*Excerpts from a dataset*.
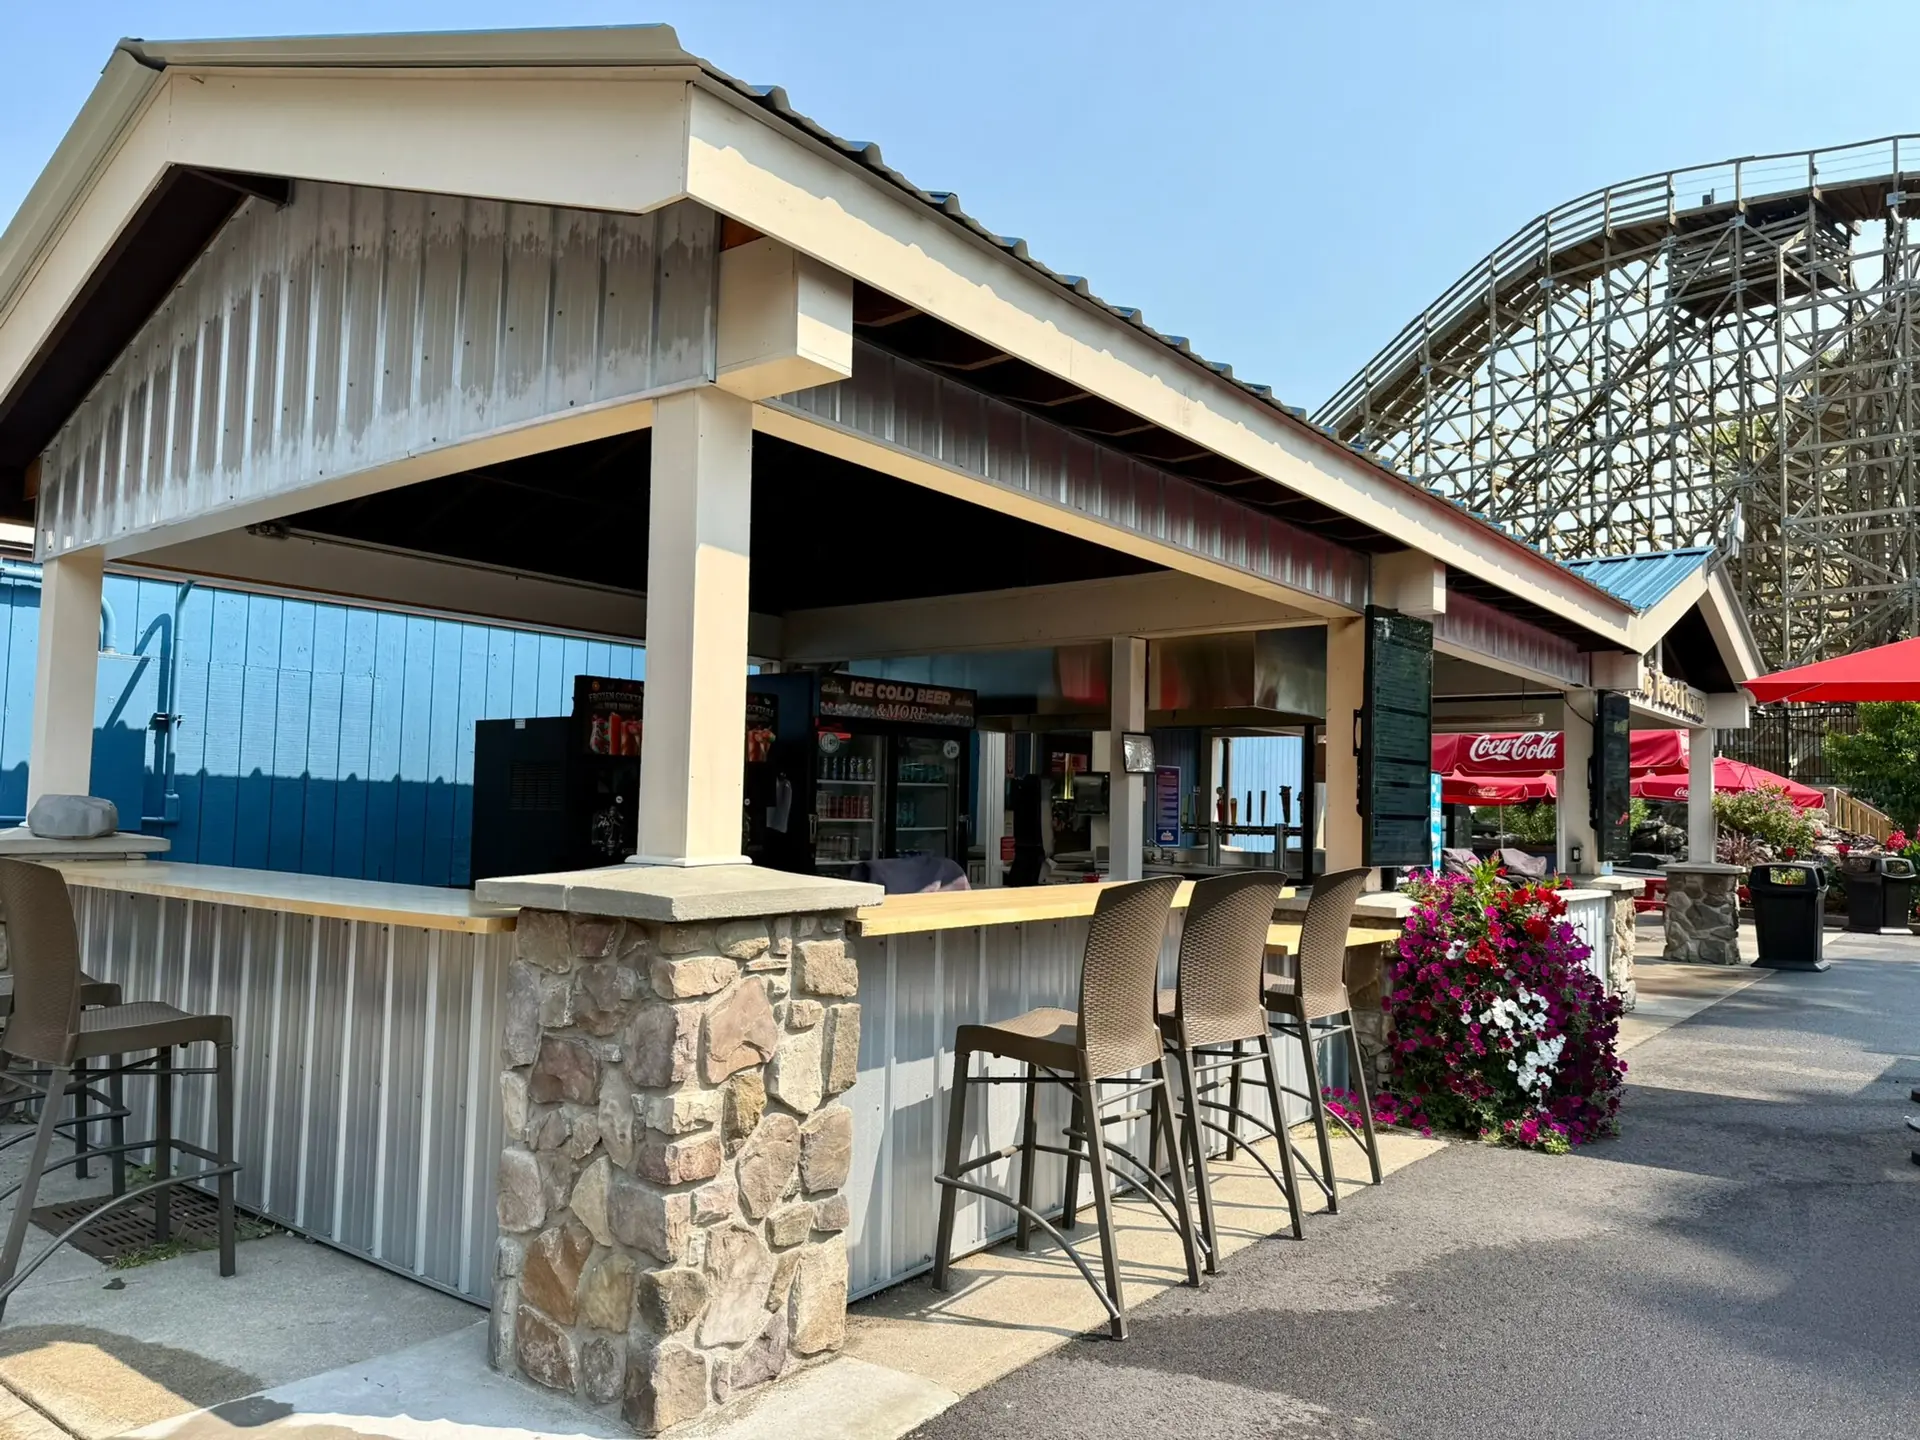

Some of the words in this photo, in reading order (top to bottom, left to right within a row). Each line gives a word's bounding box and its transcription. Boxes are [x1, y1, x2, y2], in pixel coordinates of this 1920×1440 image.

[849, 680, 874, 698] ICE
[876, 684, 914, 701] COLD
[915, 689, 952, 706] BEER
[876, 703, 928, 721] &MORE
[1469, 731, 1559, 762] Coca-Cola
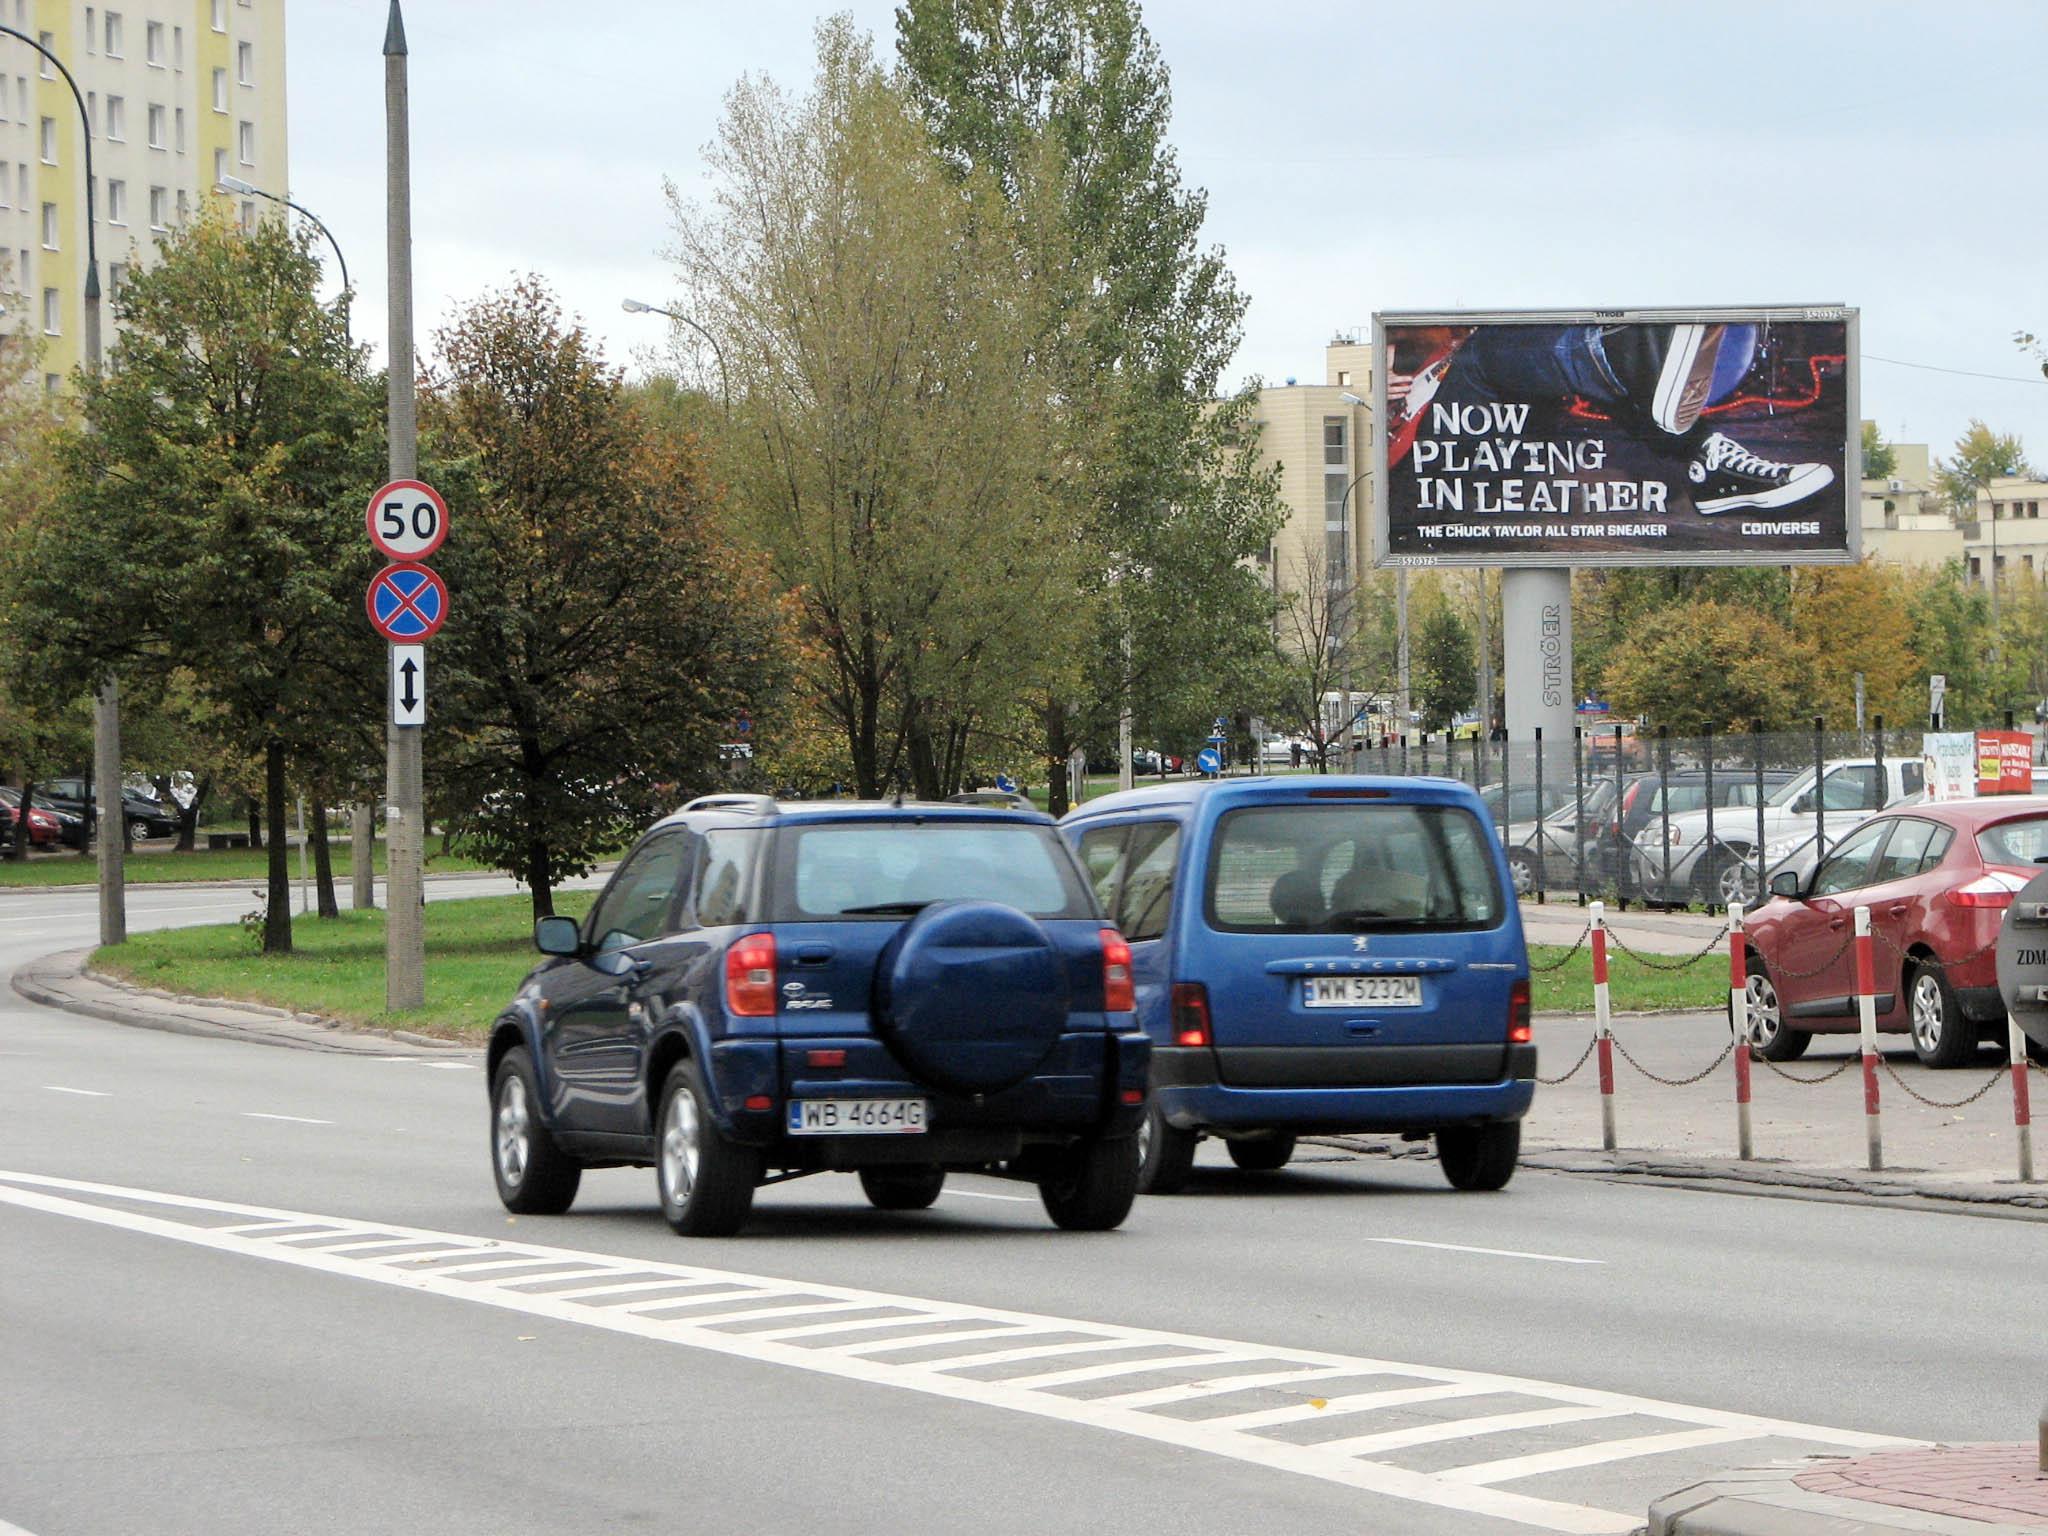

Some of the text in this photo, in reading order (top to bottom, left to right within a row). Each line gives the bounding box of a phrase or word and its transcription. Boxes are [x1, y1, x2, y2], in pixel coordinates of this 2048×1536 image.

[1432, 402, 1531, 435] NOW
[1413, 438, 1607, 475] PLAYING
[1416, 477, 1668, 513] IN LEATHER
[382, 502, 437, 540] 50
[1417, 524, 1667, 538] THE CHUCK TAYLOR ALL STAR SNEAKER
[1741, 521, 1820, 535] CONVERSE
[1540, 604, 1561, 707] STRÖER
[805, 1102, 921, 1127] WB 4664G
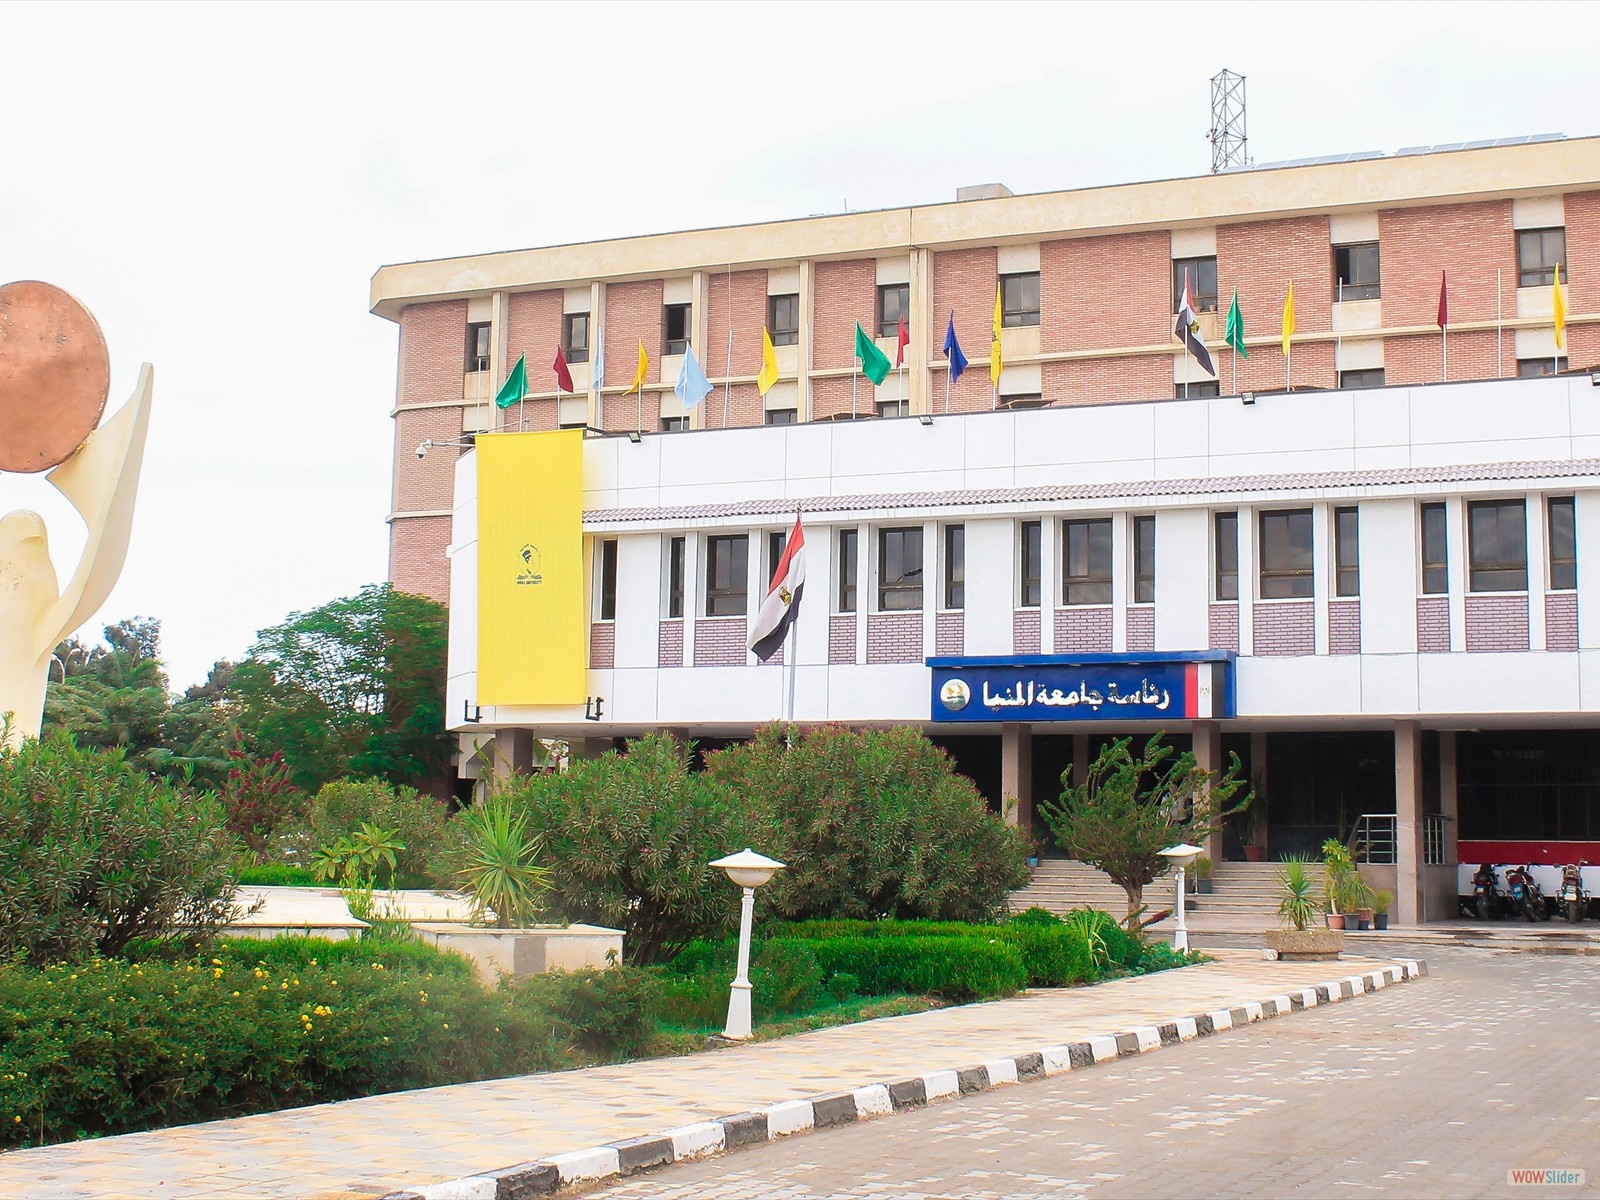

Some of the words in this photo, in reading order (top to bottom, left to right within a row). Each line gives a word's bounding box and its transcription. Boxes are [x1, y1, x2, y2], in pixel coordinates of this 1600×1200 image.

[982, 680, 1035, 711] المنيا
[1036, 679, 1103, 710] جامعة
[1107, 678, 1170, 710] رئاسة

*EXERCISE DETAILS*.
Since the copy must contain no pictures, return only the text of the records, exactly as it stands.

*TASK ANSWER*.
Some of the words in this photo, in reading order (top to bottom, left to right within a row). Each line gives a word's bounding box and its transcription. Boxes are [x1, y1, x2, y2], in pixel coordinates of this 1920×1440 image.

[849, 680, 874, 698] ICE
[876, 684, 914, 701] COLD
[915, 689, 952, 706] BEER
[876, 703, 928, 721] &MORE
[1469, 731, 1559, 762] Coca-Cola

Some of the text in this photo, in reading order (top to bottom, left to right within a row). Each line gives the bounding box of a phrase or word and its transcription. Boxes are [x1, y1, x2, y2], in pixel coordinates of this 2048×1536 image.

[1432, 402, 1531, 435] NOW
[1413, 438, 1607, 475] PLAYING
[1416, 477, 1668, 513] IN LEATHER
[382, 502, 437, 540] 50
[1417, 524, 1667, 538] THE CHUCK TAYLOR ALL STAR SNEAKER
[1741, 521, 1820, 535] CONVERSE
[1540, 604, 1561, 707] STRÖER
[805, 1102, 921, 1127] WB 4664G

Some of the words in this photo, in reading order (top to bottom, left to right within a row). Each line gives a word's bounding box and its transcription. Boxes are [x1, y1, x2, y2], in pixel coordinates of this 1600×1200 image.

[982, 680, 1035, 711] المنيا
[1036, 679, 1103, 710] جامعة
[1107, 678, 1170, 710] رئاسة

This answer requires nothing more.